Christopher planted these Rwandan bananas | Photo: Cheryl Adams

MAKING HISTORY

In 2013, Julius starts setting up African Alliance booths at farmers markets around Providence. Now, the women are earning money and connecting to the greater Rhode Island community. They’re selling typical American vegetables like potatoes, broccoli, and tomatoes, but they’re also selling things they grew up growing, like Okra, Uziza, Ewedu, different types of bananas.

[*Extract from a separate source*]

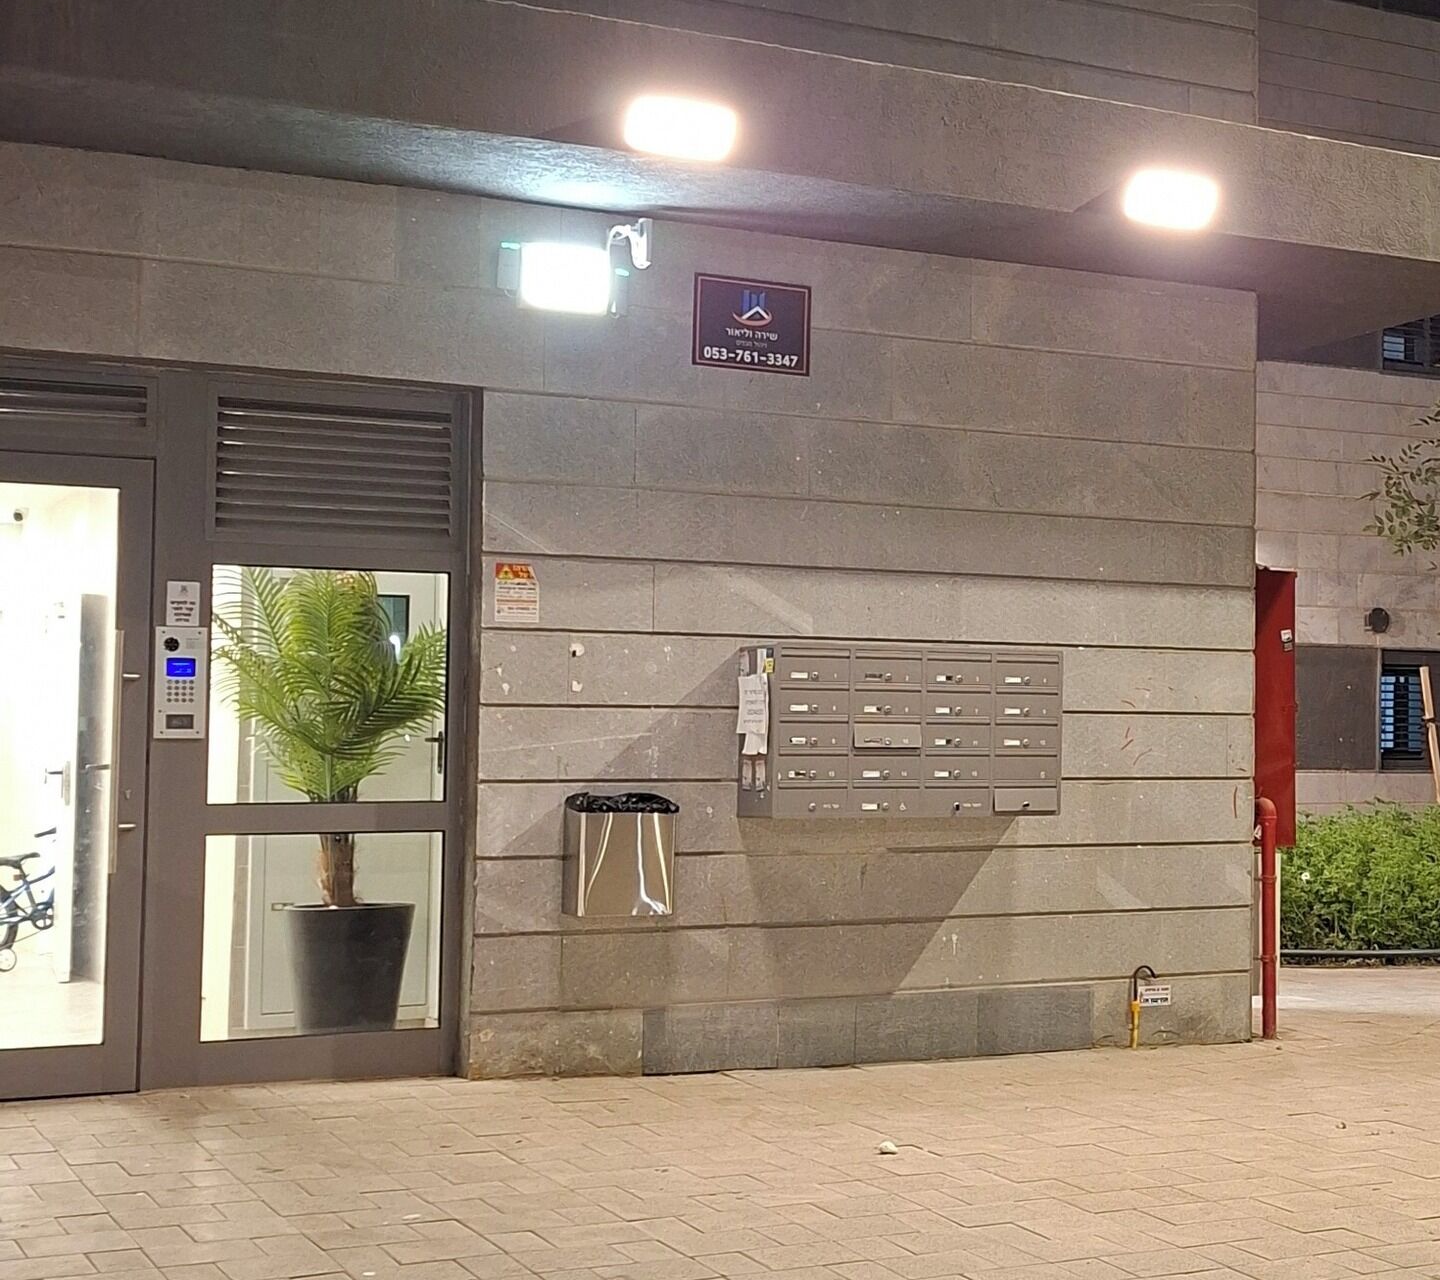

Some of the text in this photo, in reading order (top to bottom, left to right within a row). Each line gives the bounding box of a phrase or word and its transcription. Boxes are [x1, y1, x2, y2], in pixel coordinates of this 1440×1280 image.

[725, 327, 778, 342] שירה וליאור
[703, 346, 799, 368] 053-761-3347

The African Alliance at a pop-up market in 2019 | Photo courtesy African Alliance

“So exercise is good. Eating fresh vegetables is also good. On top of that you’re eating vegetables that you are familiar with. That’s even excellent! And this is the first time in the history of the state, to the best of my knowledge, that we grow African vegetables, sell African vegetables, make products from growth of African vegetable. To me, that’s historic.”
—JULIUS

Julius interviewed in June 2020 | Photo: Cheryl Adams

ASKING FOR HELP

Dame Family Farm and Orchard is one street over from Bami Farm. So, Julius goes there one day in the spring of 2019 to introduce himself and maybe get Darlene’s help setting up an irrigation system like hers.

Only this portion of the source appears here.